━━━━━ DATA EXTRACTS ━━━━━

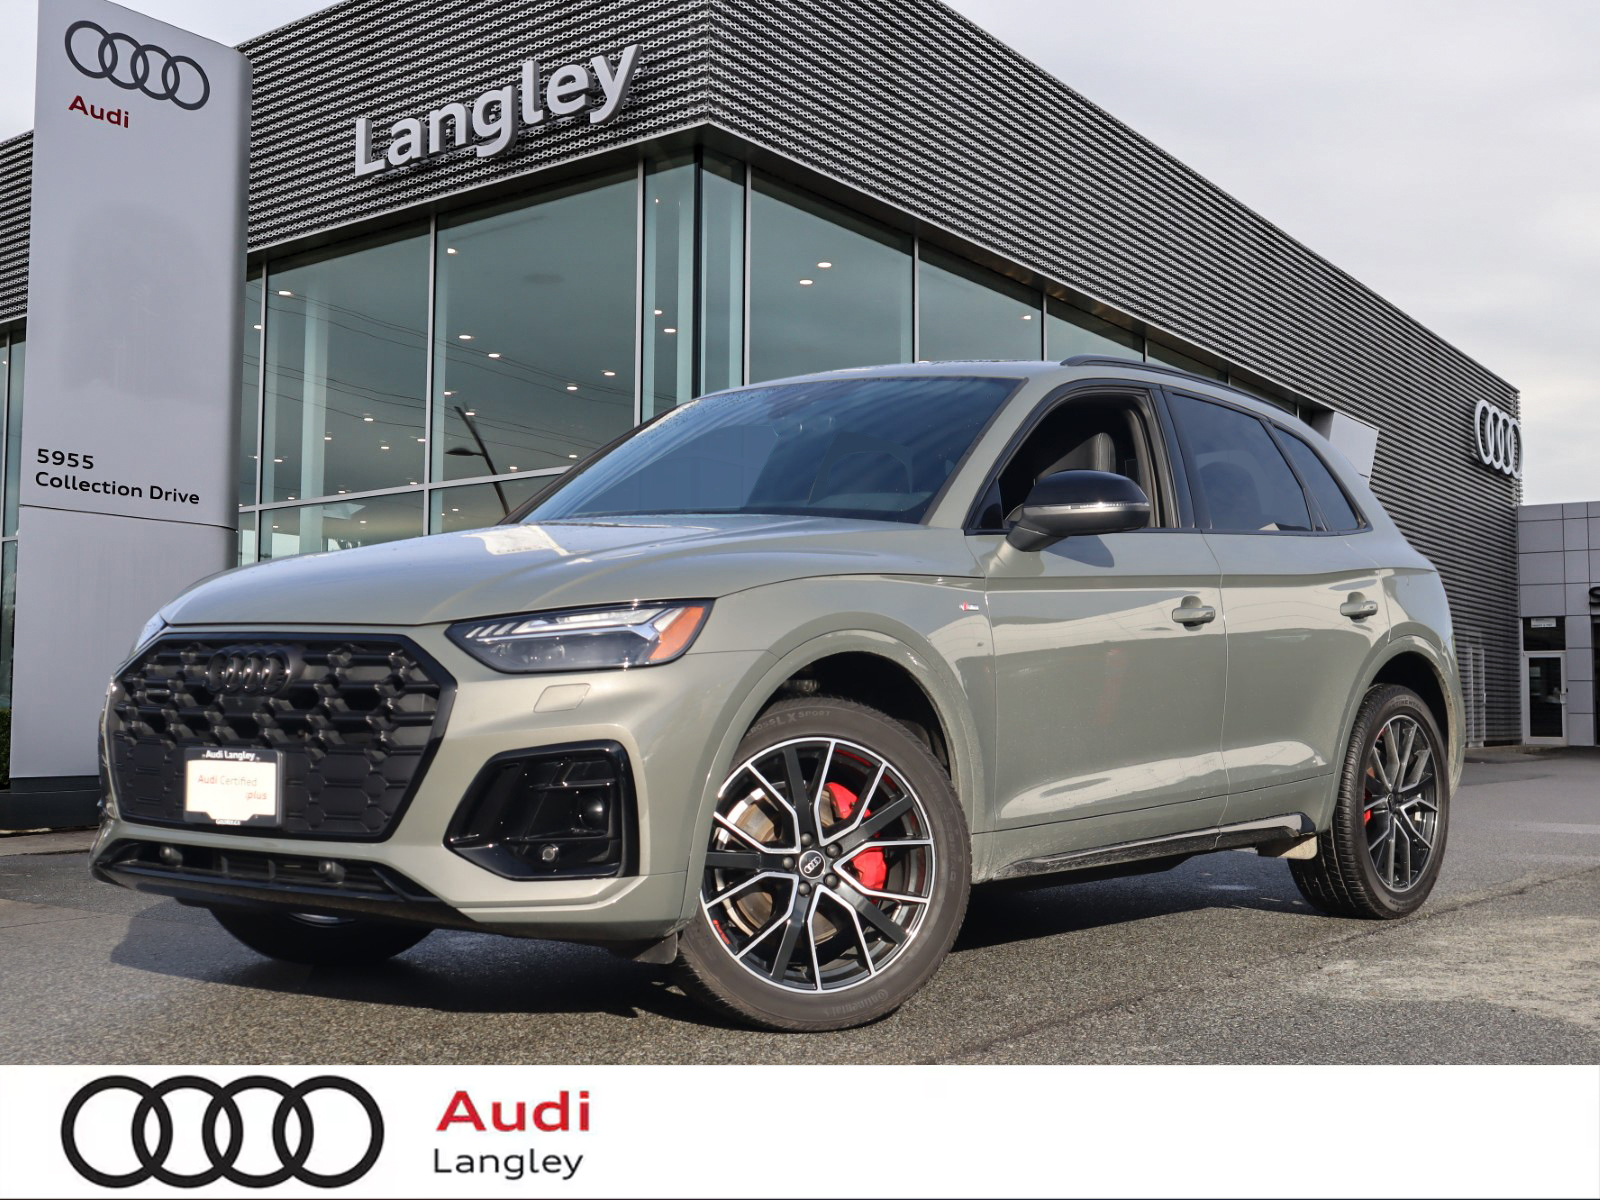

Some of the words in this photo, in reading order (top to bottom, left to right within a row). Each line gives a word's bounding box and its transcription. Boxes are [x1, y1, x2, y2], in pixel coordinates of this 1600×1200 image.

[69, 96, 128, 128] Audi
[354, 43, 641, 177] Langley
[36, 448, 95, 470] 5955
[35, 471, 143, 498] Collection
[149, 485, 200, 505] Drive
[206, 749, 223, 758] Audi
[224, 751, 255, 761] Langley
[198, 775, 218, 785] Audi
[219, 776, 257, 787] Certified

━━━━━

# EXERCISE PROMPT
Each record above should be duplicated word for word, with no pictures included.

# RESPONSE FOR THIS EXERCISE
Some of the words in this photo, in reading order (top to bottom, left to right within a row). Each line gives a word's bounding box and its transcription. Boxes are [x1, y1, x2, y2], in pixel coordinates of this 1600×1200 image.

[69, 96, 128, 128] Audi
[354, 43, 641, 177] Langley
[36, 448, 95, 470] 5955
[35, 471, 143, 498] Collection
[149, 485, 200, 505] Drive
[206, 749, 223, 758] Audi
[224, 751, 255, 761] Langley
[198, 775, 218, 785] Audi
[219, 776, 257, 787] Certified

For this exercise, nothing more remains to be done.